A. There are a couple of possibilities. The most likely one is a known glitch in Windows XP SP1, which prevented Windows from recognising drives larger than 127Gb. Service Pack 2 fixed this, so if you haven’t already done so install SP2 and all should be well. Otherwise it’s likely to be a problem with your motherboard, which doesn’t support drives over 127Gb. Usually this can be cured by upgrading the BIOS, but you will have to check this on the manufacturer’s website. If by some chance this is not possible you may be able find a workaround on the drive manufacturer’s site.

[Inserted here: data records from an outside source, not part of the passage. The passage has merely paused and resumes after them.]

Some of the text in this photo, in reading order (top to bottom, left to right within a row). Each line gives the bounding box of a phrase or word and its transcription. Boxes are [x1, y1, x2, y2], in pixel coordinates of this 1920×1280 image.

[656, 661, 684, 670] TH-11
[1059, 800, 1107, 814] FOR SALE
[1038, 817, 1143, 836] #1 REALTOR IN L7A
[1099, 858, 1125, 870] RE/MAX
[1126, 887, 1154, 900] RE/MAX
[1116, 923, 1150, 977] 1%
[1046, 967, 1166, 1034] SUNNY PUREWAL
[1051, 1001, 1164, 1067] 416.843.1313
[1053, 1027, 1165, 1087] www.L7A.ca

In the unlikely event neither option is available that the only other way to get back those missing gigabytes is to partition the drive. You may be able to do this from Disk Management (Start > Run type ‘diskmgmt.msc’). Right-click on the ‘Unallocated Space’ and select New Partition, and choose the option ‘Extended Partition’. You will need to repeat this until all of the unallocated space has been partitioned and assigned drive letters.



Vista not recognising AVG

Hi Rick. I recently bought a laptop running Vista Home Premium and have encountered a problem. I have downloaded AVG free antivirus software and activated it, but the windows security centre does not recognise its presence saying it did not find antivirus software on the computer. Uninstalling AVG and re-installing several times on different days has not made any difference. Any suggestions will be much appreciated.

Mahomed Hajat


A. There are no significant compatibility issues with Vista and AVG but this problem is not unknown and there are a couple of possible causes. First make sure your laptop is fully updated, and I don’t just mean the critical updates. Go to the Windows Update Centre and download everything as Microsoft released a patch, which may not be on your PC.

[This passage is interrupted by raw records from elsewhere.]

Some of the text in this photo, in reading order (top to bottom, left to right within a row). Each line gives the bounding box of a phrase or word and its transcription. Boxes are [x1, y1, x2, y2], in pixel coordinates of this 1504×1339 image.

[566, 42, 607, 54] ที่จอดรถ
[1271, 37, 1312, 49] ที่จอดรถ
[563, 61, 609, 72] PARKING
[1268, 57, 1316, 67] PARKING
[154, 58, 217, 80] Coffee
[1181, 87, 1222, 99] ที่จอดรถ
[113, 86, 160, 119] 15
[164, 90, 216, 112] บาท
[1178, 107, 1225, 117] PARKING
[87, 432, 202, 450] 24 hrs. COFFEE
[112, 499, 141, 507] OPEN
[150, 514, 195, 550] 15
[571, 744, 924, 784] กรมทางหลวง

If that doesn’t work then you can try re-registering AVG with Vista and to do that you need to go to Start > Programs > Accessories. Right-click on Command Prompt and select Run as Administrator. A DOS like window opens and at the flashing command prompt type ‘winmgmt /verifyrepository’ (without the quotes).  If this is the problem you should see ‘WMI repository is not consistent’, so now you should type the following ‘winmgmt /salvagerepository’ (again no quotes). This will shut down and restart Vista’s Services so it may take a few minutes. Afterwards re-boot. It may not work the first time, if so repeat.